Durch das Gesetz, über das der Bundestag an diesem Donnerstag abstimmen will, sollen Ärzte verpflichtet werden, künftig mindestens 25 statt bisher 20 Sprechstunden pro Woche anzubieten. Fachärzte, die der Grundversorgung dienen, wie Augen-, HNO- und Frauenärzte, werden verpflichtet, mindestens fünf Stunden pro Woche eine offene Sprechstunde ohne vorherige Terminvergabe anzubieten.

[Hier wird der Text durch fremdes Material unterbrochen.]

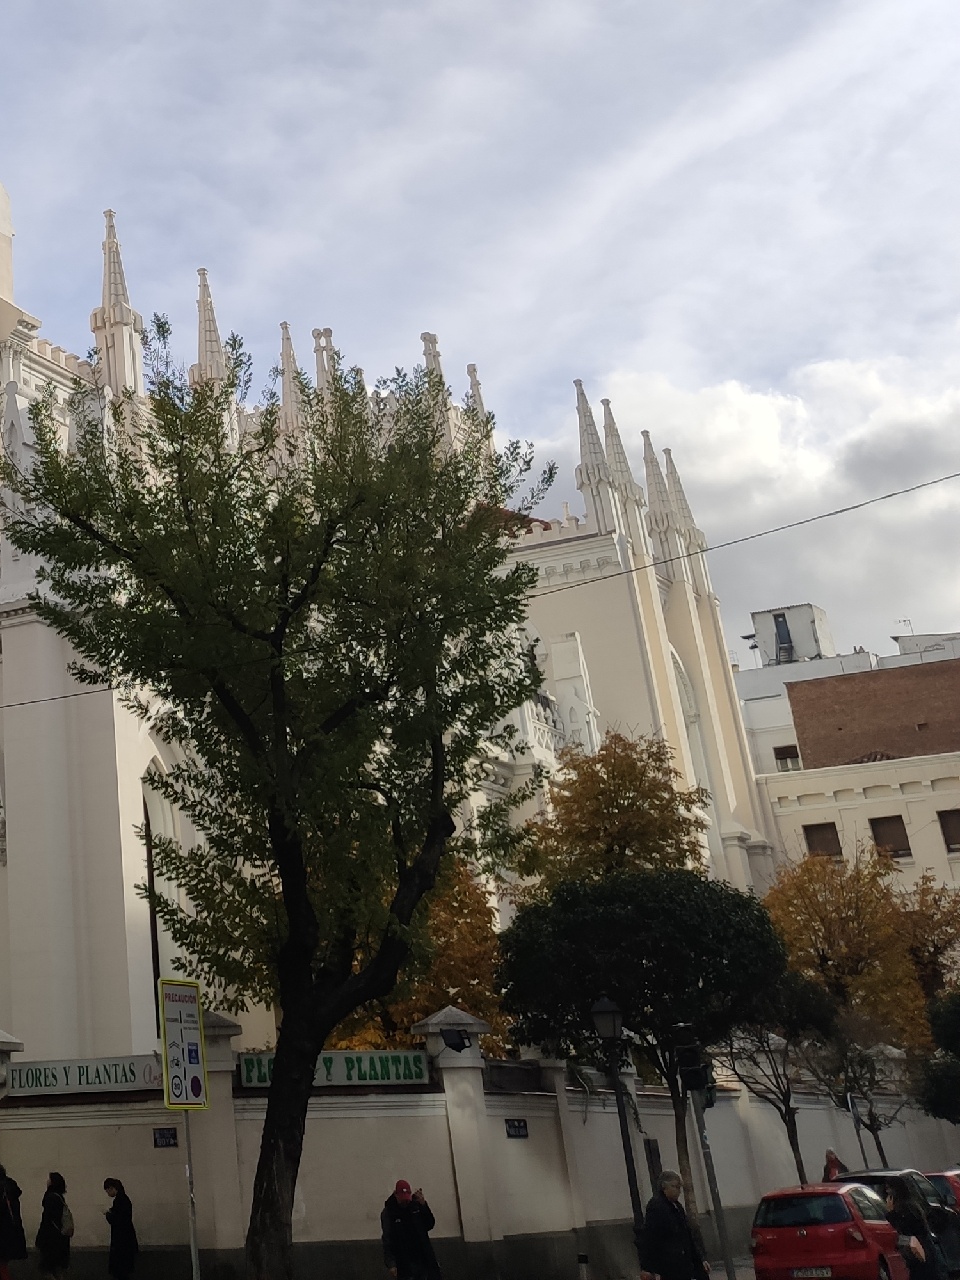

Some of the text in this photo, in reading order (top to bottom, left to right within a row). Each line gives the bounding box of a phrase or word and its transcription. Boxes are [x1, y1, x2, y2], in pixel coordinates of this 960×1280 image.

[10, 1067, 58, 1089] FLORES
[62, 1065, 71, 1086] Y
[77, 1062, 136, 1086] PLANTAS
[322, 1056, 333, 1081] Y
[344, 1055, 424, 1081] PLANTAS
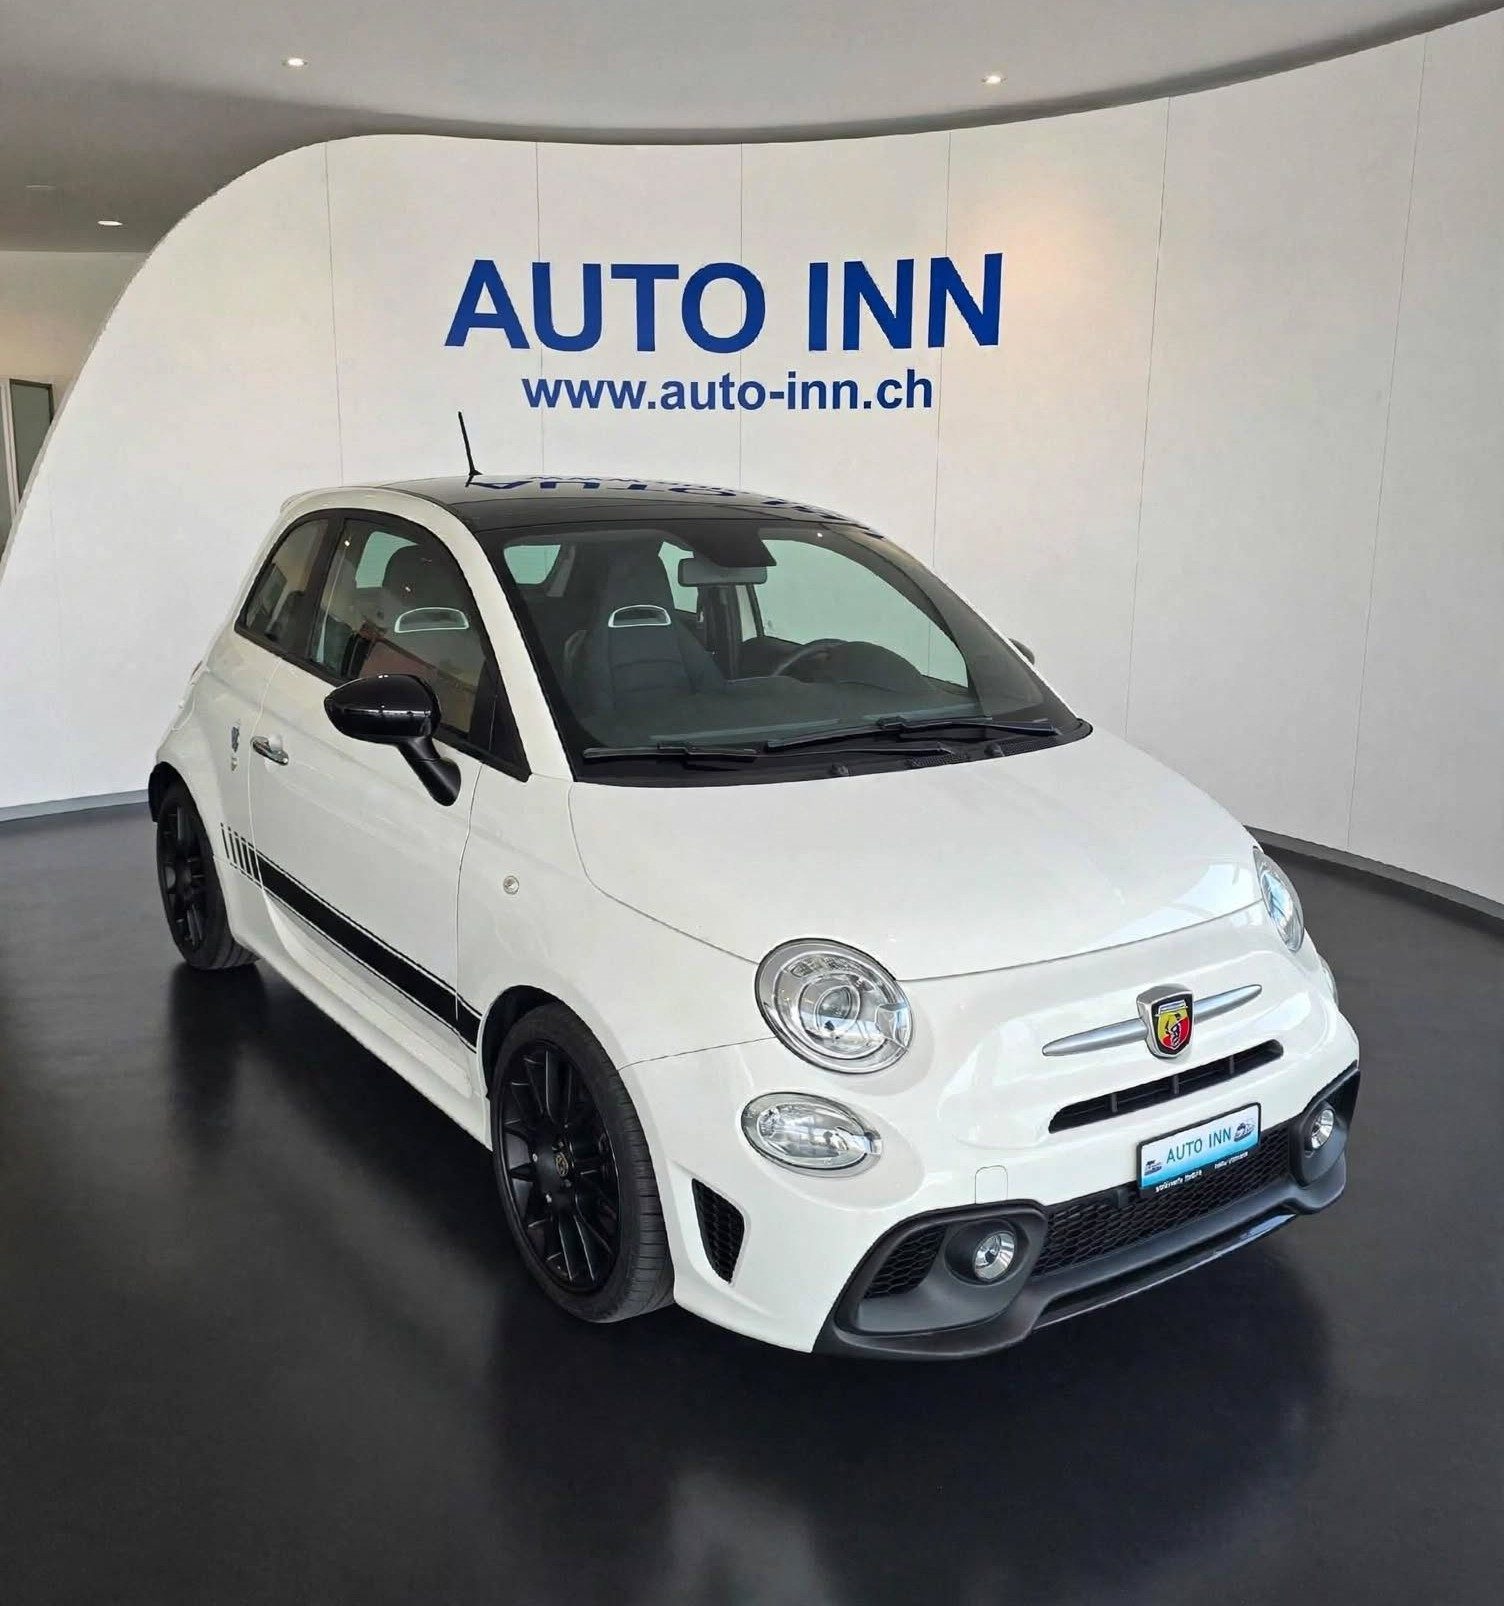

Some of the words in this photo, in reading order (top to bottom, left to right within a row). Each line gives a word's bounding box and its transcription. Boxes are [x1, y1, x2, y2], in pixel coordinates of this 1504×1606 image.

[445, 259, 766, 353] AUTO
[808, 253, 1003, 351] INN
[522, 369, 933, 410] www.auto-inn.ch
[1166, 1138, 1203, 1164] AUTO
[1208, 1127, 1232, 1148] INN
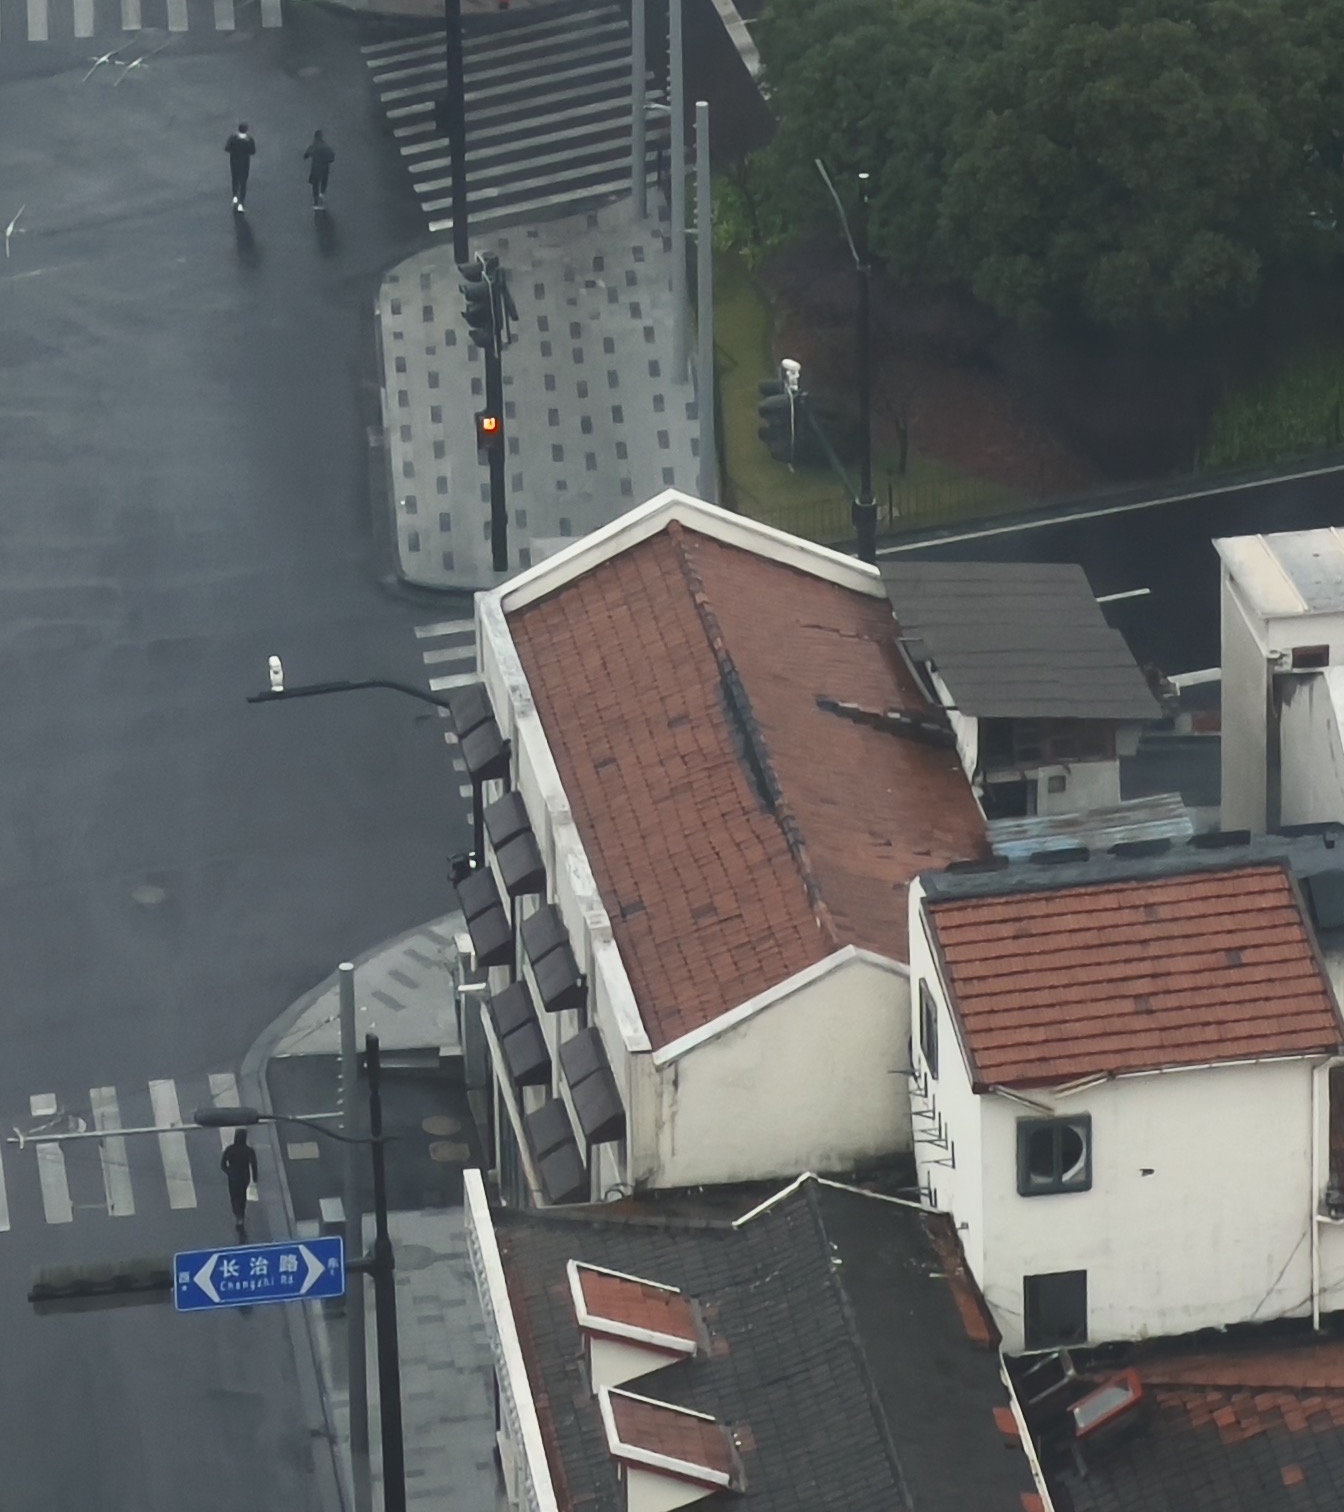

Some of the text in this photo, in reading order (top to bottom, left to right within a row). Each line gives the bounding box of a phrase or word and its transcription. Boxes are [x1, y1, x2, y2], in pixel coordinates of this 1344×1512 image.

[219, 1254, 298, 1278] 长治路
[220, 1275, 274, 1291] Changzhi
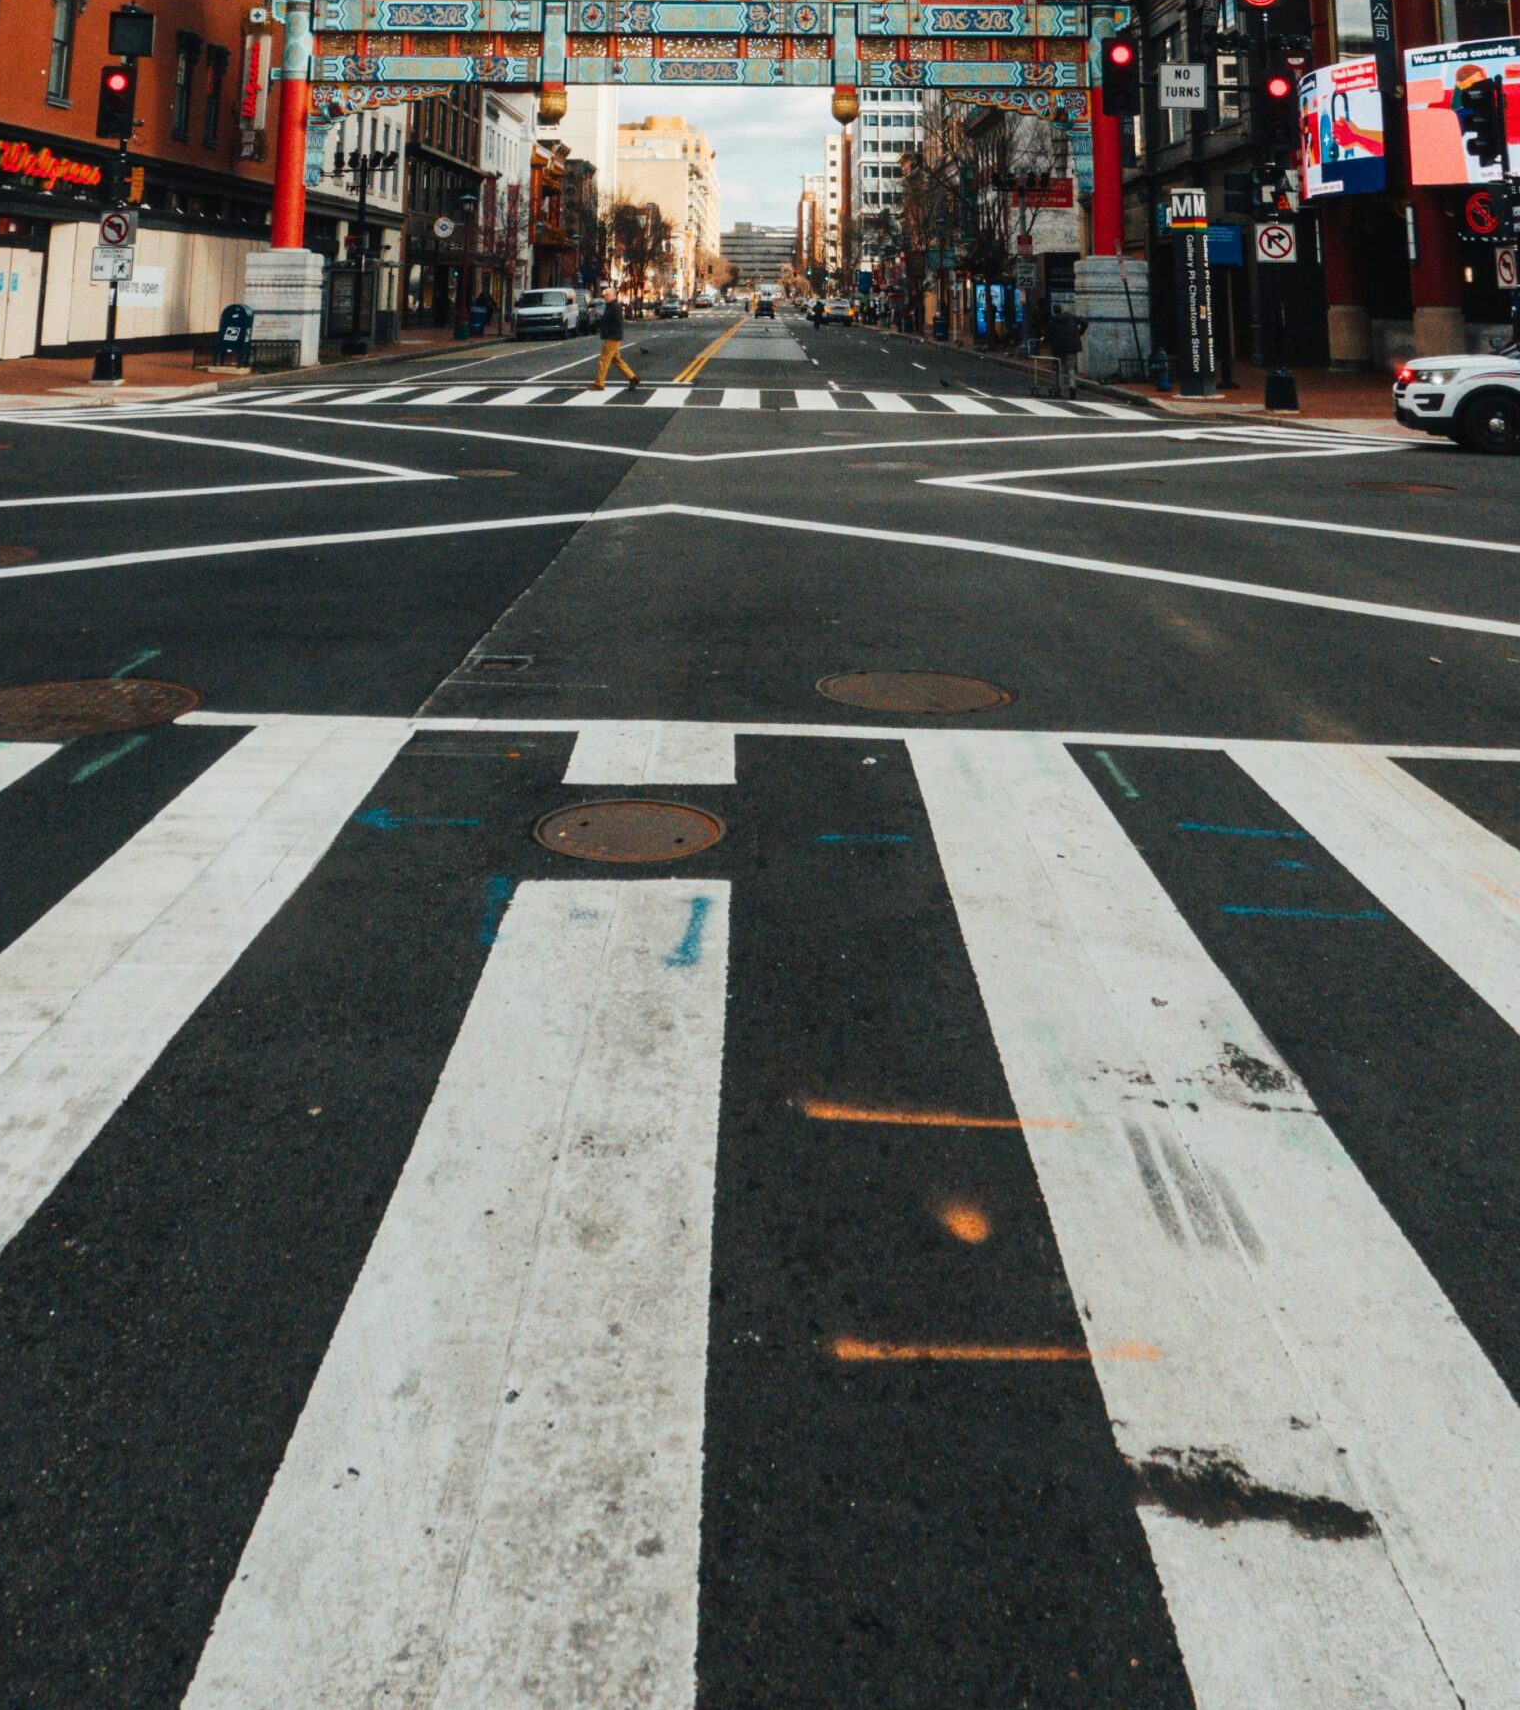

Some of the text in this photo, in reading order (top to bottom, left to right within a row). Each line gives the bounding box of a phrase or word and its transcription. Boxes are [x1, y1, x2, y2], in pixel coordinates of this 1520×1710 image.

[1413, 45, 1517, 65] Wear a face covering
[1174, 69, 1191, 80] NO
[1165, 86, 1201, 98] TURNS
[1171, 194, 1192, 217] M
[1193, 194, 1206, 217] M
[1019, 276, 1034, 287] 25
[1185, 234, 1195, 268] Gallery
[1191, 337, 1200, 373] Station

Spahn sagte, der Staat müsse in einem lebenswichtigen Bereich wie der Gesundheitsversorgung funktionieren. „Da besser zu werden, ist das Ziel unseres Gesetzes“. Der Minister sagte weiter, die Menschen fragten sich: „Warum hat mein Nachbar als privat Versicherter in der nächsten Woche einen Termin und ich als gesetzlich Versicherter erst in drei Wochen?

Jährliche Zusatzkosten von 18,8 Milliarden Euro

Die heute schon existierenden Terminservicestellen sollen zudem zu einer Rund-um-die-Uhr-Bereitschaft unter der Rufnummer 116117 ausgebaut werden. Patienten können sich demnach ab Januar 2020 sowohl in Notfällen wie auch bei Terminwünschen an diese Nummer wenden. Ärzte, die über die Vermittlung der Terminservicestellen zusätzlich Patienten annehmen, können ihre Leistungen für diese Patienten für ein Quartal ohne Begrenzung des Budgets abrechnen. Insgesamt rechnet Spahn damit, dass die Ärzte zusätzliche Honorare von 600 bis 800 Millionen Euro im Jahr erhalten.

Bergmann befürchtet, dass Ärzte wegen dieser Honoraranreize zwar mehr neue Patienten in ihre Praxen holen, aber beispielsweise Schlaganfallpatienten oder Parkinsonkranke nicht mehr so häufig einbestellen. „Chronisch Kranke könnten die Verlierer der Reform sein“, so der KV-Chef.

Spahn bezeichnet sein Vorhaben als „eines der größten und umfangreichsten Gesetze“ der großen Koalition. Es soll zu Mehrausgaben auf jährlich insgesamt 1,8 Milliarden Euro führen.

So werden Hilfsmittel wie Inkontinenzwindeln absehbar teurer, weil die Aufträge dafür nicht mehr ausgeschrieben werden. Der Zuschuss für Zahnersatz steigt ab dem 1. Oktober 2020 von 50 auf 60 Prozent. Zudem sollen die Honorare für Heilmittel, also etwa Physiotherapie, auf dem bisher bundesweit höchsten Niveau angeglichen werden. Trotz seiner Kritik hofft Bergmann, dass sich durch das Gesetz die Versorgung der Patienten verbessert. Aber: „Wunder erwarte ich nicht, denn die Arbeitszeit der Ärzte lässt sich nicht beliebig vermehren“, sagte er

Lob und Skepsis kommen von der Techniker Krankenkasse. Als „positive Aspekte“ nennt Kassenchef Jens Baas „etwa die geplante Stärkung der ,sprechenden Medizin, die Erweiterung der Terminservicestellen und die verpflichtende Einführung einer elektronischen Gesundheitsakte“.

Baas warnt aber vor steigenden Kosten und sagt: „Zudem werden sich bei vielen Aspekten dieses Mammutgesetzes die spezifischen Folgen für die Versorgung erst in der Umsetzung zeigen.“ Ob eine „schnellere und dadurch auch bessere Versorgung unserer Versicherten in den Praxen“ flächendeckend funktioniere, werde sich ebenfalls noch zeigen.